■ **What needs to be done**: Would you repeat, exactly as given, the line with "this 1240×1754 image." and every line after it to the end of the entries?

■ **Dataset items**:
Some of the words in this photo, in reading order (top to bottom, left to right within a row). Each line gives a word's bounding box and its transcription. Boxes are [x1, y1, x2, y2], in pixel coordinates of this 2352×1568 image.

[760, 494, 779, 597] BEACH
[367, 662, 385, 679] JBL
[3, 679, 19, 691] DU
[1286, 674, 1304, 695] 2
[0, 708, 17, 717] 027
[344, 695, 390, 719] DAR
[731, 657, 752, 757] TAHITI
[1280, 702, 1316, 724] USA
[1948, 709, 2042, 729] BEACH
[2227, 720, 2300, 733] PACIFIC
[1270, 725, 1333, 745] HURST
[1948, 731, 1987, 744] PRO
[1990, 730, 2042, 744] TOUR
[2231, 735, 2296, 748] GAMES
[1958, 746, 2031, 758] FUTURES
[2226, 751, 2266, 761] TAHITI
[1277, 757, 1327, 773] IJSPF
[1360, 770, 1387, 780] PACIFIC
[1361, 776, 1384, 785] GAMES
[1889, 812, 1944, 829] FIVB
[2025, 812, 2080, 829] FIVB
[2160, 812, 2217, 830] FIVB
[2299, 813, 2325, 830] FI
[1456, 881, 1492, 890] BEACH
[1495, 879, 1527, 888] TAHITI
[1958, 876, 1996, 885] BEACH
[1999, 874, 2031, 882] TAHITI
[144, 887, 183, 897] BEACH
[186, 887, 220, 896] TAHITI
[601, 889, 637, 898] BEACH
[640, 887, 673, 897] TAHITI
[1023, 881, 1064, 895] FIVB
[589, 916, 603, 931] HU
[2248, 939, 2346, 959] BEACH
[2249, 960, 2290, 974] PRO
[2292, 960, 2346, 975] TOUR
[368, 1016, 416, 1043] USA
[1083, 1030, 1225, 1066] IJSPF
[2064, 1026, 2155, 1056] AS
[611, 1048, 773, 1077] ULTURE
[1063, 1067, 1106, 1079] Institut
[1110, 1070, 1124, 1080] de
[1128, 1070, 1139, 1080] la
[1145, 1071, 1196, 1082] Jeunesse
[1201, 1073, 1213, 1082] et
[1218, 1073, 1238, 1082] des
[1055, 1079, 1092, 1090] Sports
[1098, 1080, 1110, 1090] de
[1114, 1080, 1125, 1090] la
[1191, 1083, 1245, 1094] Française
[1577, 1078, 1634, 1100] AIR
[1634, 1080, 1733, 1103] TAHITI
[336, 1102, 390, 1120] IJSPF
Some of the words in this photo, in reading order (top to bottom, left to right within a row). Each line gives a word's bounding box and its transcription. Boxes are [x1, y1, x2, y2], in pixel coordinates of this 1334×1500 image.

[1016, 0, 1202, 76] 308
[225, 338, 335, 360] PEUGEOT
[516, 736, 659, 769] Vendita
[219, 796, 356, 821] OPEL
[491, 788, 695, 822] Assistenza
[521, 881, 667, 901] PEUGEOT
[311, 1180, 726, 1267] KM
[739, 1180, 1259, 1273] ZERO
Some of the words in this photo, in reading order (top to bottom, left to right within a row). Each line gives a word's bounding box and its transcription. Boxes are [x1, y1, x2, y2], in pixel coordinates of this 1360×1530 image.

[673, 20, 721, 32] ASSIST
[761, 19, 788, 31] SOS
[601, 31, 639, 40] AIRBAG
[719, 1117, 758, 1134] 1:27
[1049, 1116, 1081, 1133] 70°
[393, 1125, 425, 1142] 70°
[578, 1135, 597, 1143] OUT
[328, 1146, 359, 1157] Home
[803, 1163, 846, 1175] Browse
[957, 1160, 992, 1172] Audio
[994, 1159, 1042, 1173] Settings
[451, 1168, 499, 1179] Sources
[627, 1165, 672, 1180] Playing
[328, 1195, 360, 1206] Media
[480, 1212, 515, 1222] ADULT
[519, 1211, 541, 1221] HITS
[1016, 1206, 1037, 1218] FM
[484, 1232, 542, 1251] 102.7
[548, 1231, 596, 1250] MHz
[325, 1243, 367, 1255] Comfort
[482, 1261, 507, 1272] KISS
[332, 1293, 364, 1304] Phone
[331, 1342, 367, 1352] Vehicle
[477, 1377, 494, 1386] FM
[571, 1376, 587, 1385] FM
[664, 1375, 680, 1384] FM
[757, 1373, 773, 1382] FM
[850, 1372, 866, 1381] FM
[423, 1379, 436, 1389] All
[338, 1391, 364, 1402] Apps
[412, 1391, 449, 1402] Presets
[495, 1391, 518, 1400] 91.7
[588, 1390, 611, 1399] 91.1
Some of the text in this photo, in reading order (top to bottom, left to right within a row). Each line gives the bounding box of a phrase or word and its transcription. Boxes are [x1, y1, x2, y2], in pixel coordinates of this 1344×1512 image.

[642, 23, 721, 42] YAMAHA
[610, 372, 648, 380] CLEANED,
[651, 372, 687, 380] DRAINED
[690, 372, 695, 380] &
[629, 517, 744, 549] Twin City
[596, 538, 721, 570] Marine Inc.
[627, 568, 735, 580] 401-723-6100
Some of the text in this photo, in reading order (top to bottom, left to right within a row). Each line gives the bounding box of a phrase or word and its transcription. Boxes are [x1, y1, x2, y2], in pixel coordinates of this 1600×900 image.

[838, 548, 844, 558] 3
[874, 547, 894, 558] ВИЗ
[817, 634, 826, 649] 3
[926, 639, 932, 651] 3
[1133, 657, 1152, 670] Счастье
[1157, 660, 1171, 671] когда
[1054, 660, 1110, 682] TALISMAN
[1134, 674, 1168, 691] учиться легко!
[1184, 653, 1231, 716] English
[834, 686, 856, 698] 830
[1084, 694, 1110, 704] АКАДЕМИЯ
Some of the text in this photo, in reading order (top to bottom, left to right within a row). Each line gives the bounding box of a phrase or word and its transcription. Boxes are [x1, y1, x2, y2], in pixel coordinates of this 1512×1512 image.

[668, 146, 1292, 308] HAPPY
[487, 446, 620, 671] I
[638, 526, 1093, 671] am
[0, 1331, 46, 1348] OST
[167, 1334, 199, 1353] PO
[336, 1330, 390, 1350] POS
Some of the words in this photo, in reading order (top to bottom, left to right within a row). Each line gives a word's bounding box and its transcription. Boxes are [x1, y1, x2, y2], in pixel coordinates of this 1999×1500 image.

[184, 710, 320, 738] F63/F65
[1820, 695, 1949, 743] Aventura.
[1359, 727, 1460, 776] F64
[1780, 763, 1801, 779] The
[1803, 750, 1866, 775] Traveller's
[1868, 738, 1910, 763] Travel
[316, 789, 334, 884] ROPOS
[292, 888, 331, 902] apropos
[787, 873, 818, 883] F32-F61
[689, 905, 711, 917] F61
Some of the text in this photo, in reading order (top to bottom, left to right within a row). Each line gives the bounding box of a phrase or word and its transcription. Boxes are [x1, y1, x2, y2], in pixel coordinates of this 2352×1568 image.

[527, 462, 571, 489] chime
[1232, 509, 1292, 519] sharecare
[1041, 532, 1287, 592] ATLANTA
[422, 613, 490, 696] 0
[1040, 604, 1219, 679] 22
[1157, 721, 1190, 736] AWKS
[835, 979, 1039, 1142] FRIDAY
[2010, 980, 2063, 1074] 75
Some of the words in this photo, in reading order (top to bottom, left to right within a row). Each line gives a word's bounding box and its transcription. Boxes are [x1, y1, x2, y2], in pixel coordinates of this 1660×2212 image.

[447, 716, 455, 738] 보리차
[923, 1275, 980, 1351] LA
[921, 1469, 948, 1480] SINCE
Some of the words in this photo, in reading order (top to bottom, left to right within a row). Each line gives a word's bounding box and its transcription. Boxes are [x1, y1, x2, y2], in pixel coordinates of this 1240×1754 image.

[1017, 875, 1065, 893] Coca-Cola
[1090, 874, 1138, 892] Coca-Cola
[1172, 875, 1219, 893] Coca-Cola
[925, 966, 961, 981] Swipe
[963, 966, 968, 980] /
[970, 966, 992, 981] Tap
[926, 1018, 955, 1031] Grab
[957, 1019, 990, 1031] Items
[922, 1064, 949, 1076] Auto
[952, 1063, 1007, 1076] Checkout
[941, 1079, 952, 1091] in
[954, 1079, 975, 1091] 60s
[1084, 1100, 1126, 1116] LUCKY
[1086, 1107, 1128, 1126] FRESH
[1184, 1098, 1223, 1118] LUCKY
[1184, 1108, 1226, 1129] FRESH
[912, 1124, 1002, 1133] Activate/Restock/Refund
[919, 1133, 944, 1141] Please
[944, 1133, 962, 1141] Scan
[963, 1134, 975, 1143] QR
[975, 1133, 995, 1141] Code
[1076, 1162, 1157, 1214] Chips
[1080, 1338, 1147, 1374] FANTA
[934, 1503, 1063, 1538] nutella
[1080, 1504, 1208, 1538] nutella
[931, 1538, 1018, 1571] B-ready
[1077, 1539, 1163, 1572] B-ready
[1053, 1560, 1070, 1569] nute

■ **Solution for this exercise**:
Some of the words in this photo, in reading order (top to bottom, left to right within a row). Each line gives a word's bounding box and its transcription. Boxes are [x1, y1, x2, y2], in pixel coordinates of this 1240×1754 image.

[1017, 875, 1065, 893] Coca-Cola
[1090, 874, 1138, 892] Coca-Cola
[1172, 875, 1219, 893] Coca-Cola
[925, 966, 961, 981] Swipe
[963, 966, 968, 980] /
[970, 966, 992, 981] Tap
[926, 1018, 955, 1031] Grab
[957, 1019, 990, 1031] Items
[922, 1064, 949, 1076] Auto
[952, 1063, 1007, 1076] Checkout
[941, 1079, 952, 1091] in
[954, 1079, 975, 1091] 60s
[1084, 1100, 1126, 1116] LUCKY
[1086, 1107, 1128, 1126] FRESH
[1184, 1098, 1223, 1118] LUCKY
[1184, 1108, 1226, 1129] FRESH
[912, 1124, 1002, 1133] Activate/Restock/Refund
[919, 1133, 944, 1141] Please
[944, 1133, 962, 1141] Scan
[963, 1134, 975, 1143] QR
[975, 1133, 995, 1141] Code
[1076, 1162, 1157, 1214] Chips
[1080, 1338, 1147, 1374] FANTA
[934, 1503, 1063, 1538] nutella
[1080, 1504, 1208, 1538] nutella
[931, 1538, 1018, 1571] B-ready
[1077, 1539, 1163, 1572] B-ready
[1053, 1560, 1070, 1569] nute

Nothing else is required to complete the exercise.